Critical Evaluation
Last Updated on May 8, 2015, by eNotes Editorial. Word Count: 970
Stanisaw Lem’s Solaris is science fiction in the purest possible sense, constituting an elaborate thought experiment in which imaginary science is employed to address fundamental questions of epistemology and human psychology in a disciplined fashion. Solaris is simultaneously preoccupied with the limits of humans’ quest to understand the world in which they find themselves and the limits of their understanding. The ocean of Solaris is a hypothetical test case, bringing both these issues—and the bridge that inevitably connects them—into a dramatic focus that makes up in urgency and ambition what it lacks in clarity and conclusiveness. The English text of Solaris is two steps removed from the original, having been translated from the French rather than the original Polish, but it is unlikely that much has been lost, and there is a sense that the serial metamorphoses involved are appropriate to the substance of the plot.
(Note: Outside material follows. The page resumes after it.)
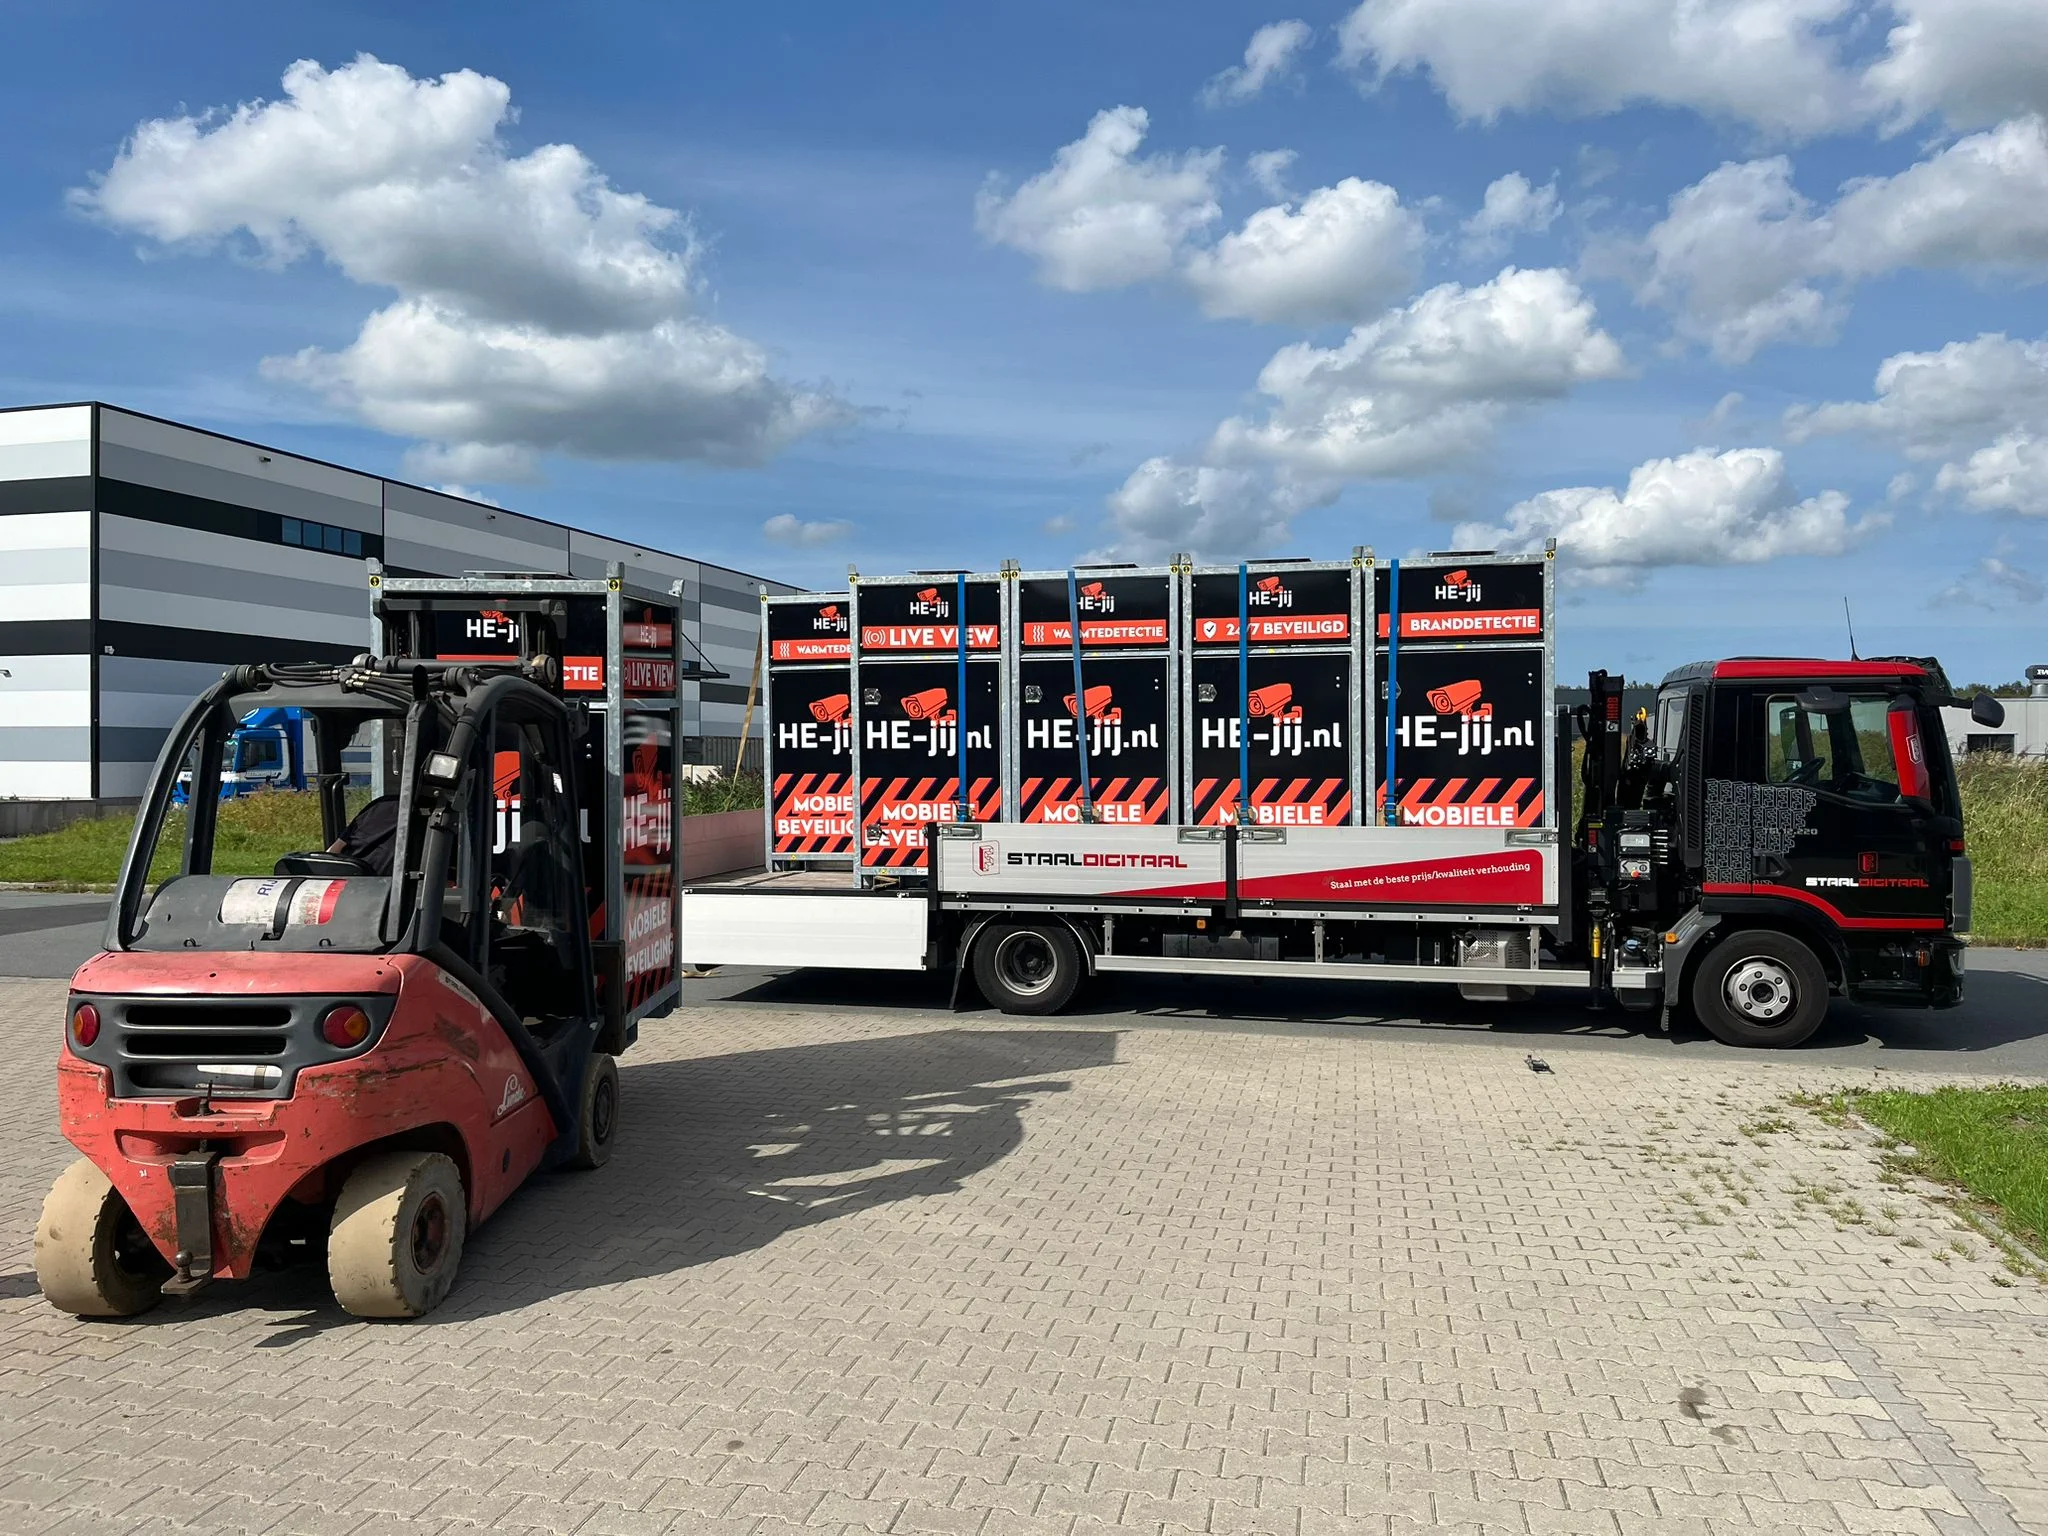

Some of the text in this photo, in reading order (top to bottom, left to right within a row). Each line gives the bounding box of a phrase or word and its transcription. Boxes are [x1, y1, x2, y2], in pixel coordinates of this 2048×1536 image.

The elaborate technical discourse employed to describe the peculiar behavior of the ocean of Solaris and the makeup of the phi-beings is itself a simulacrum, since most of its terms are imaginary and those borrowed from physics or biology are employed metaphorically. There is much more, however, in the discourse than mere jargon. The form is more important than the content, because the issue at stake is how people accumulate knowledge and how they test the accuracy of their conclusions. The physics may be fake, but its method is not, and Solaris is primarily concerned with the methods people employ in science and in their personal lives, and the problematic relationships between science and personal lives.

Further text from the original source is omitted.